> AIM OF THE EXERCISE
Restate each of the lines below word for word and drop every picture.

Image-backed grounding data
------------------------
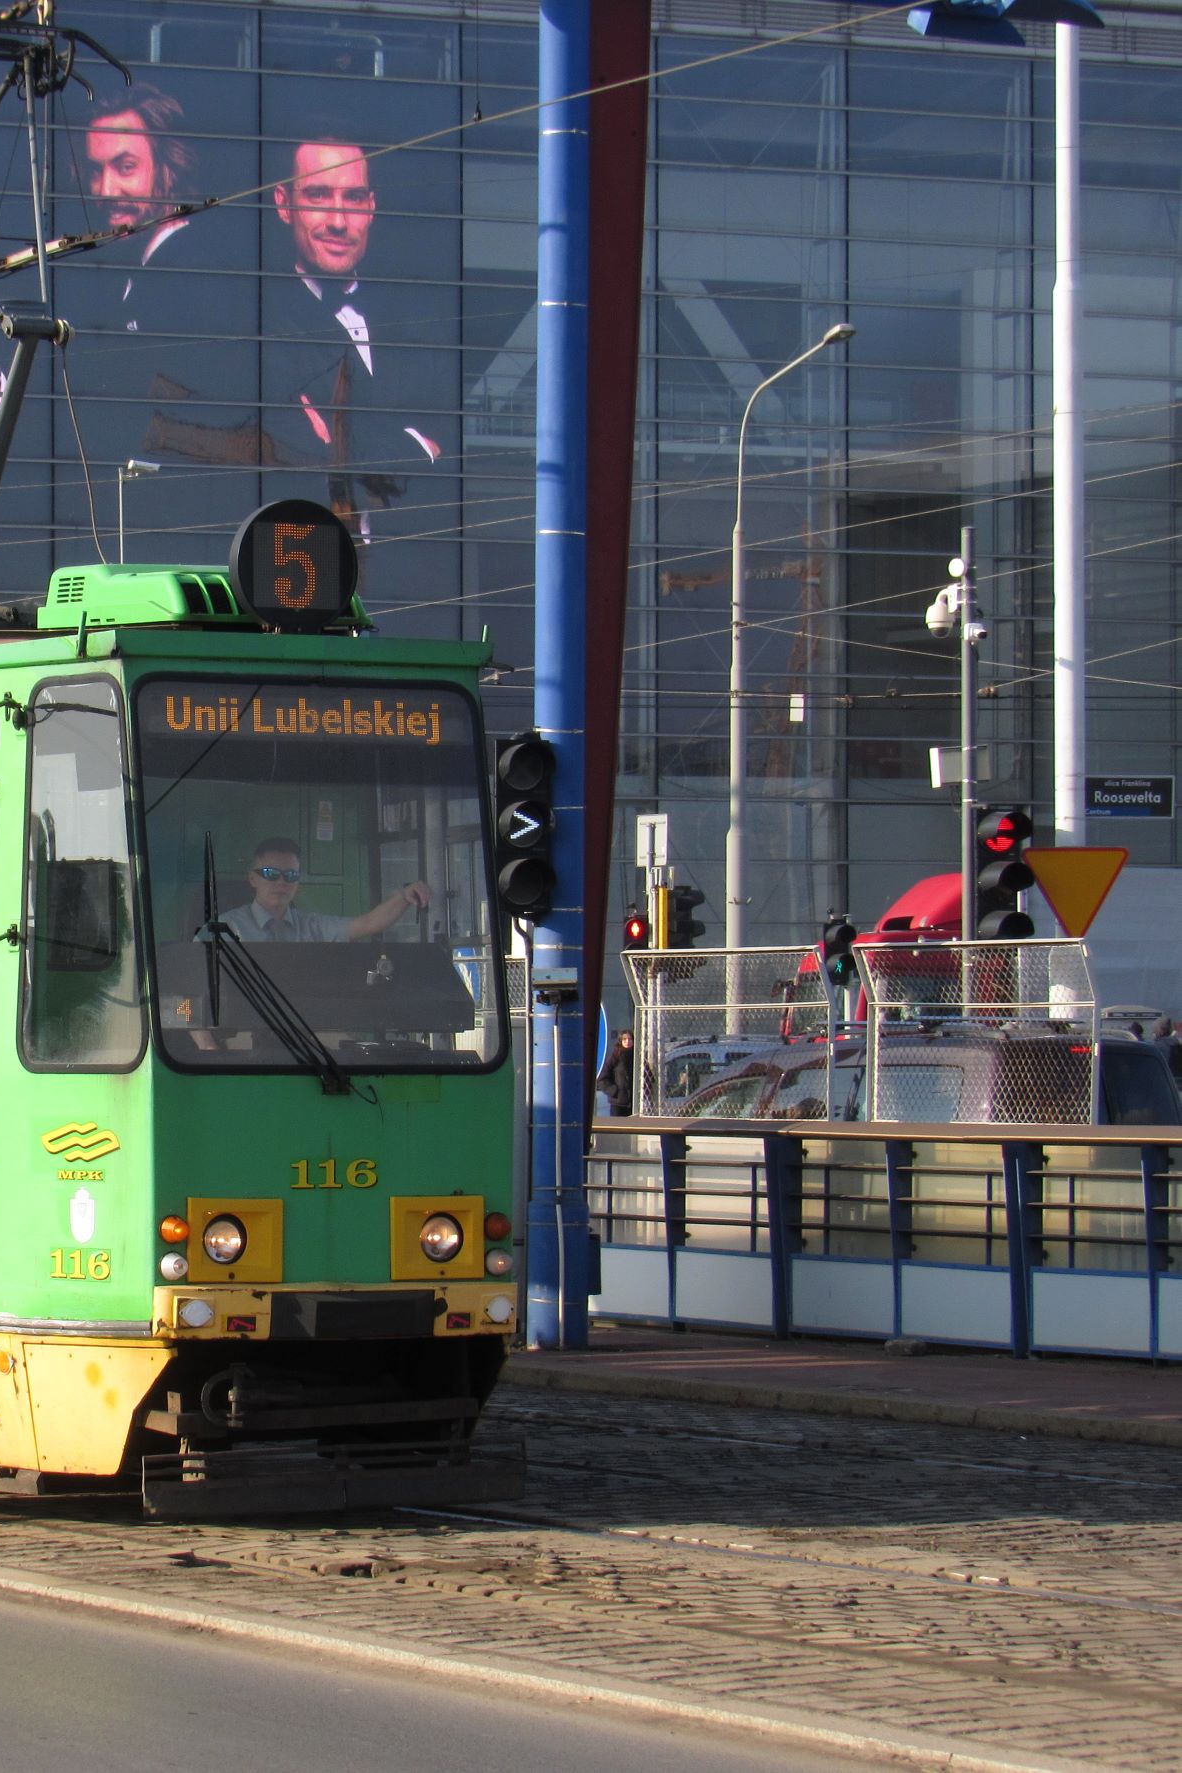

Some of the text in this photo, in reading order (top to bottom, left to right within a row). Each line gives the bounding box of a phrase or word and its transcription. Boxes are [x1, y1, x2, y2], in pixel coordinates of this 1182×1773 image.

[274, 522, 316, 609] 5
[166, 696, 440, 745] Unii Lubelskiej
[1094, 790, 1161, 803] Roosevelta
[176, 999, 192, 1022] 4
[58, 1169, 104, 1181] MPK
[290, 1158, 378, 1189] 116
[50, 1247, 111, 1281] 116
------------------------
> TASK SOLUTION
Some of the text in this photo, in reading order (top to bottom, left to right within a row). Each line gives the bounding box of a phrase or word and its transcription. Boxes are [x1, y1, x2, y2], in pixel coordinates of this 1182×1773 image.

[274, 522, 316, 609] 5
[166, 696, 440, 745] Unii Lubelskiej
[1094, 790, 1161, 803] Roosevelta
[176, 999, 192, 1022] 4
[58, 1169, 104, 1181] MPK
[290, 1158, 378, 1189] 116
[50, 1247, 111, 1281] 116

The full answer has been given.